The cast for the Australian tour were:

- Michael Ball
- John Owen-Jones
- Rachel Tucker
- Bobby Fox
- David Harris
- Sooha Kim
- Suzie Mathers
- Marie Zamora

Previous versions of the show have included:

- Michael Ball
- Lea Salonga or Jennifer Paz
- Amanda Harrison or Rachel Tucker
- David Harris or Bradley Jaden
- Marie Zamora or Ana Marina

On 28 July 2024, Patrick Wilson, Skylar Astin, Emily Bautista, Jon Jon Briones, Nikki Renee Daniels, Rachel Tucker and Marie Zamora headlined a one-off concert at the Hollywood Bowl.

Do You Hear The People Sing? features the work of Alain Boublil and Claude-Michel Schönberg including music from Les Misérables, Miss Saigon, Martin Guerre, The Pirate Queen and La Revolution Francaise.

===Blood Brothers===
In February 2015, Enda Markey presented Blood Brothers at the Hayes Theatre in Sydney, starring Helen Dallimore, Bobby Fox, Blake Bowden, and Michael Cormick. Helen Dallimore was nominated for a Helpmann Awards and won a Glugs Award for her performance. The production played a limited season in Melbourne.

===Defying Gravity: the songs of Stephen Schwartz===
In February 2016, Enda Markey presented Broadway Stars Sutton Foster, Aaron Tveit and Betty Buckley together with Joanna Ampil, Helen Dallimore and David Harris in a concert celebrating the work of Broadway composer Stephen Schwartz at Theatre Royal.
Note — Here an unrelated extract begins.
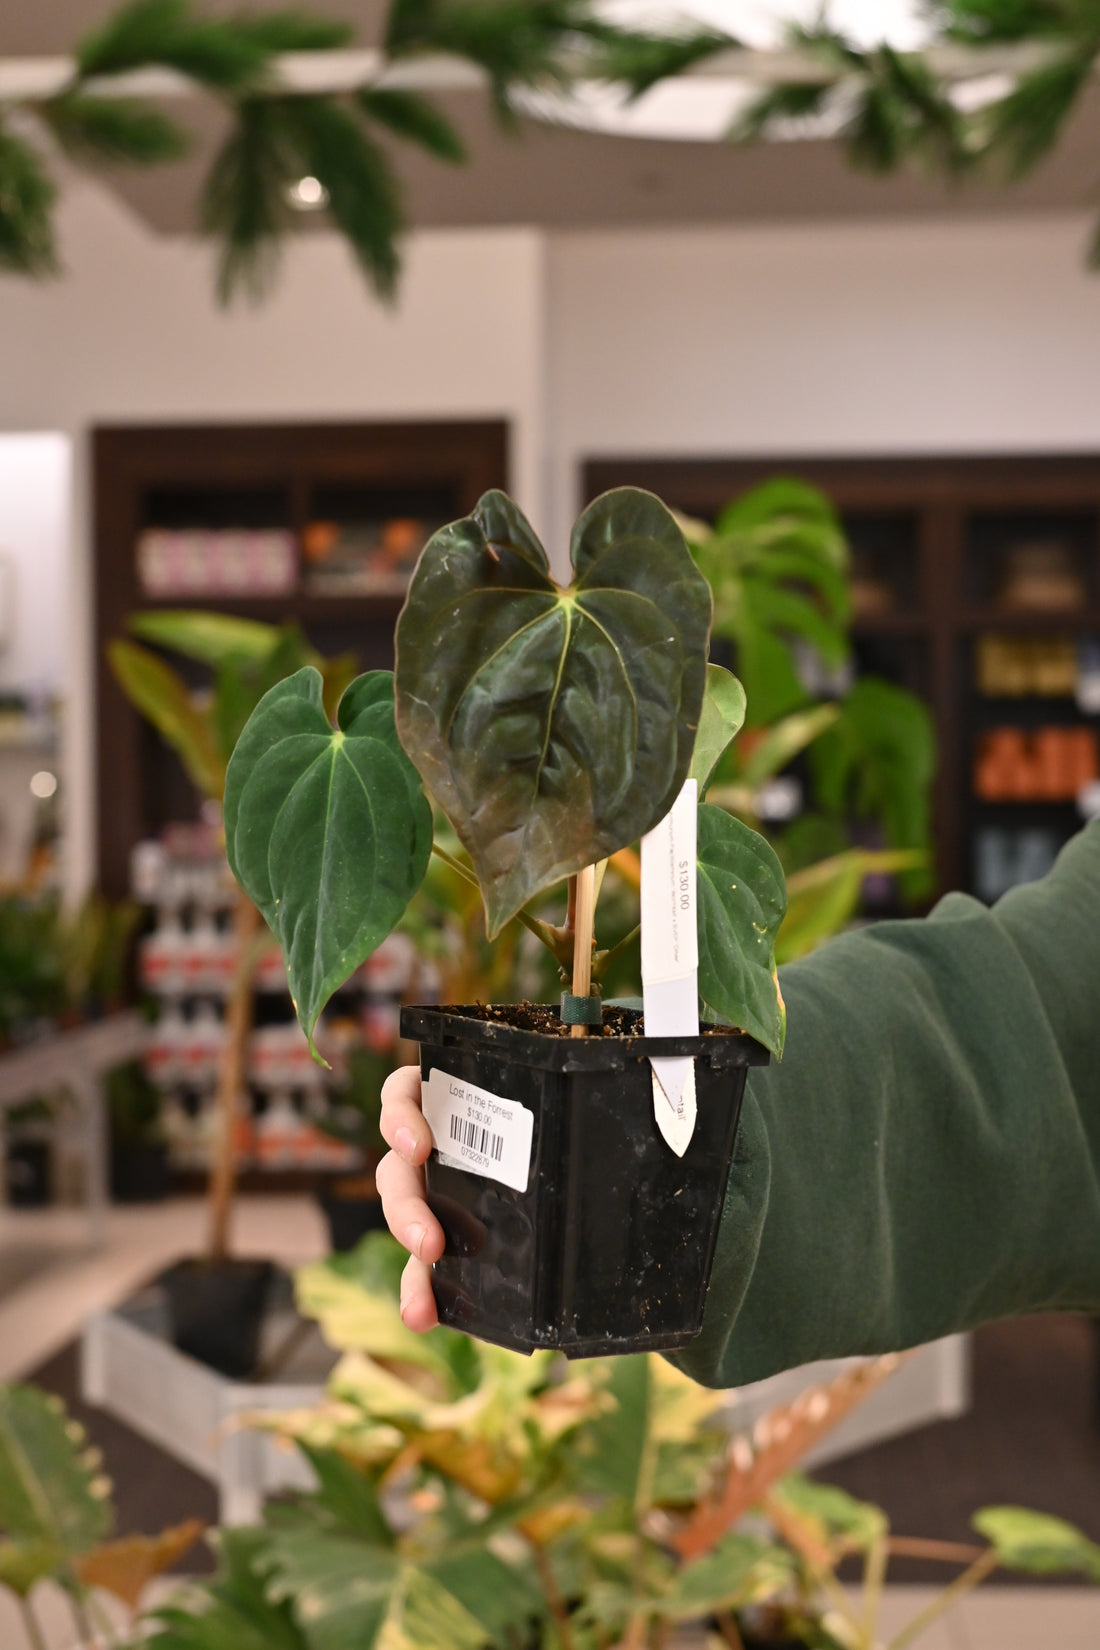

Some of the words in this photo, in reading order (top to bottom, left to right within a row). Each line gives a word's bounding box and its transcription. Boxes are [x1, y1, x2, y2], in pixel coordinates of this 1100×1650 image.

===Bobby Fox: The Irish Boy===
In June 2019, Enda Markey presented the world premiere of Bobby Fox: The Irish Boy at Sydney Opera House before a short tour which included the Adelaide Cabaret Festival.

===Ruthie Henshall - Live & Intimate===
In June 2019, Ruthie Henshall commenced her first tour of Australia in "Live & Intimate" which included performances at Sydney Opera House, Queensland Performing Arts Centre and the Adelaide Cabaret Festival. The concerts were met with unanimous praise from critics.

===Anna O'Byrne - Becoming Eliza===
In June 2022, Anna O'Byrne - Becoming Eliza received its world premiere at Sydney Opera House. In Becoming Eliza, Anna O’Byrne reflects on her experience creating the role of Eliza Doolittle in the Australian production of My Fair Lady, which was directed by Julie Andrews in 2016. O'Byrne shared stories about working intimately with Andrews, as well as the lessons she learned from both Dame Julie and Eliza. The performance was critically praised and will tour into 2024.

===Carousel - A Concert===
In May 2024, it was announced that Enda Markey would produce Rodgers and Hammerstein's Carousel in concert, starring Anna O'Byrne as Julie Jordan, Marina Prior as Nettie Fowler and Danny Whitehead as Billy Bigelow. The cast also included Blake Bowden as Enoch Snow, Andy Conaghan as Jigger Craigin and Kerrie Anne Greenland as Carrie Pipperidge. The concert production was presented at Melbourne's Princess Theatre and was highly praised by critics.